[[ PROVIDED DATA, beginning ]]

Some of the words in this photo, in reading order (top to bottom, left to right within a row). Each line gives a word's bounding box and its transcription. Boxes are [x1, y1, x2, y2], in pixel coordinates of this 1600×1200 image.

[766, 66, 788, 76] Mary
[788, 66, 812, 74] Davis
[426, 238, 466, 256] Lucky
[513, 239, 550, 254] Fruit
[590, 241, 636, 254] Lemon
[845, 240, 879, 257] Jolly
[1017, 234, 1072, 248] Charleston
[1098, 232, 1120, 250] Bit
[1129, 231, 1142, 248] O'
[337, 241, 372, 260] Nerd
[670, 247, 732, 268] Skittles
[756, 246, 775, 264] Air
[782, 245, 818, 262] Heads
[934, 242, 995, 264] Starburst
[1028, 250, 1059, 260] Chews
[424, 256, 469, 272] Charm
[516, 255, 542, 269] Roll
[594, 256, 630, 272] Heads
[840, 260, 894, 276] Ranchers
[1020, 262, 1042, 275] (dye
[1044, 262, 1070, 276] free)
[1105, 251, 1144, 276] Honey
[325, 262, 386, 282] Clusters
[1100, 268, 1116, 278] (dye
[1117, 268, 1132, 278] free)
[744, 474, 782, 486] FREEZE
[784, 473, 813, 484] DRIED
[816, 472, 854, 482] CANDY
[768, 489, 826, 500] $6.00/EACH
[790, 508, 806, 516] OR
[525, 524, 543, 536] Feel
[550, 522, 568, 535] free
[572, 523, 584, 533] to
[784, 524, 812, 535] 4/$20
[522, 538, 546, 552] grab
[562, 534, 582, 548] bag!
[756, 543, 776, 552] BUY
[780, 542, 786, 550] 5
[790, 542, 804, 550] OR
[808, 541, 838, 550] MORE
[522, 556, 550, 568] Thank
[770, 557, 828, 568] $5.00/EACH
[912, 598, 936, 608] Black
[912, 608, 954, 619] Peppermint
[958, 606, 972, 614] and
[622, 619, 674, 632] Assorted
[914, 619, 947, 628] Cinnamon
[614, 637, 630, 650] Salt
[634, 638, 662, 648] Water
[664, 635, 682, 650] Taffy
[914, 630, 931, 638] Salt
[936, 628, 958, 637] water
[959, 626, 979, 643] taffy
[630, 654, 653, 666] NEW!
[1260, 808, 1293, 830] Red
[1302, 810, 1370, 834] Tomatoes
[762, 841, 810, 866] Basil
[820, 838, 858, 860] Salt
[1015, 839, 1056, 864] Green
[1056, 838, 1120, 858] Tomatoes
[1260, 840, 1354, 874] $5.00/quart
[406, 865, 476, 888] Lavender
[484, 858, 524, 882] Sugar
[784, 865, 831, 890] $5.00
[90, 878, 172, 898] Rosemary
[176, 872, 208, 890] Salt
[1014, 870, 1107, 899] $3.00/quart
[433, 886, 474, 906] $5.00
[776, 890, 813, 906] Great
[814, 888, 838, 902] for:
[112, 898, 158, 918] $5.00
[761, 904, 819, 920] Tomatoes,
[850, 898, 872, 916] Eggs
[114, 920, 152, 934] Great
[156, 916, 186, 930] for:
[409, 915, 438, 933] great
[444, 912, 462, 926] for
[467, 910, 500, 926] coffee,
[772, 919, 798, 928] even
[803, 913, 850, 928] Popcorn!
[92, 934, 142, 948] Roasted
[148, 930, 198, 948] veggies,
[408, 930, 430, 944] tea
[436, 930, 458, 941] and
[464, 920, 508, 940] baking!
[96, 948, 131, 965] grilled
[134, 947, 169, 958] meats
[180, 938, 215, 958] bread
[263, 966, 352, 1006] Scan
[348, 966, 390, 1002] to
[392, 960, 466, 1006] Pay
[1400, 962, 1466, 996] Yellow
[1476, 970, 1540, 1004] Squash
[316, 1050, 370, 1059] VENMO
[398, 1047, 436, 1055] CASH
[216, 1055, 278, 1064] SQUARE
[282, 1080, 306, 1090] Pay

[[ PROVIDED DATA, end ]]

__THE TASK__: All of the lines above must be returned exactly as they stand.

__RESULT OF THIS TASK__:
Some of the words in this photo, in reading order (top to bottom, left to right within a row). Each line gives a word's bounding box and its transcription. Boxes are [x1, y1, x2, y2], in pixel coordinates of this 1600×1200 image.

[766, 66, 788, 76] Mary
[788, 66, 812, 74] Davis
[426, 238, 466, 256] Lucky
[513, 239, 550, 254] Fruit
[590, 241, 636, 254] Lemon
[845, 240, 879, 257] Jolly
[1017, 234, 1072, 248] Charleston
[1098, 232, 1120, 250] Bit
[1129, 231, 1142, 248] O'
[337, 241, 372, 260] Nerd
[670, 247, 732, 268] Skittles
[756, 246, 775, 264] Air
[782, 245, 818, 262] Heads
[934, 242, 995, 264] Starburst
[1028, 250, 1059, 260] Chews
[424, 256, 469, 272] Charm
[516, 255, 542, 269] Roll
[594, 256, 630, 272] Heads
[840, 260, 894, 276] Ranchers
[1020, 262, 1042, 275] (dye
[1044, 262, 1070, 276] free)
[1105, 251, 1144, 276] Honey
[325, 262, 386, 282] Clusters
[1100, 268, 1116, 278] (dye
[1117, 268, 1132, 278] free)
[744, 474, 782, 486] FREEZE
[784, 473, 813, 484] DRIED
[816, 472, 854, 482] CANDY
[768, 489, 826, 500] $6.00/EACH
[790, 508, 806, 516] OR
[525, 524, 543, 536] Feel
[550, 522, 568, 535] free
[572, 523, 584, 533] to
[784, 524, 812, 535] 4/$20
[522, 538, 546, 552] grab
[562, 534, 582, 548] bag!
[756, 543, 776, 552] BUY
[780, 542, 786, 550] 5
[790, 542, 804, 550] OR
[808, 541, 838, 550] MORE
[522, 556, 550, 568] Thank
[770, 557, 828, 568] $5.00/EACH
[912, 598, 936, 608] Black
[912, 608, 954, 619] Peppermint
[958, 606, 972, 614] and
[622, 619, 674, 632] Assorted
[914, 619, 947, 628] Cinnamon
[614, 637, 630, 650] Salt
[634, 638, 662, 648] Water
[664, 635, 682, 650] Taffy
[914, 630, 931, 638] Salt
[936, 628, 958, 637] water
[959, 626, 979, 643] taffy
[630, 654, 653, 666] NEW!
[1260, 808, 1293, 830] Red
[1302, 810, 1370, 834] Tomatoes
[762, 841, 810, 866] Basil
[820, 838, 858, 860] Salt
[1015, 839, 1056, 864] Green
[1056, 838, 1120, 858] Tomatoes
[1260, 840, 1354, 874] $5.00/quart
[406, 865, 476, 888] Lavender
[484, 858, 524, 882] Sugar
[784, 865, 831, 890] $5.00
[90, 878, 172, 898] Rosemary
[176, 872, 208, 890] Salt
[1014, 870, 1107, 899] $3.00/quart
[433, 886, 474, 906] $5.00
[776, 890, 813, 906] Great
[814, 888, 838, 902] for:
[112, 898, 158, 918] $5.00
[761, 904, 819, 920] Tomatoes,
[850, 898, 872, 916] Eggs
[114, 920, 152, 934] Great
[156, 916, 186, 930] for:
[409, 915, 438, 933] great
[444, 912, 462, 926] for
[467, 910, 500, 926] coffee,
[772, 919, 798, 928] even
[803, 913, 850, 928] Popcorn!
[92, 934, 142, 948] Roasted
[148, 930, 198, 948] veggies,
[408, 930, 430, 944] tea
[436, 930, 458, 941] and
[464, 920, 508, 940] baking!
[96, 948, 131, 965] grilled
[134, 947, 169, 958] meats
[180, 938, 215, 958] bread
[263, 966, 352, 1006] Scan
[348, 966, 390, 1002] to
[392, 960, 466, 1006] Pay
[1400, 962, 1466, 996] Yellow
[1476, 970, 1540, 1004] Squash
[316, 1050, 370, 1059] VENMO
[398, 1047, 436, 1055] CASH
[216, 1055, 278, 1064] SQUARE
[282, 1080, 306, 1090] Pay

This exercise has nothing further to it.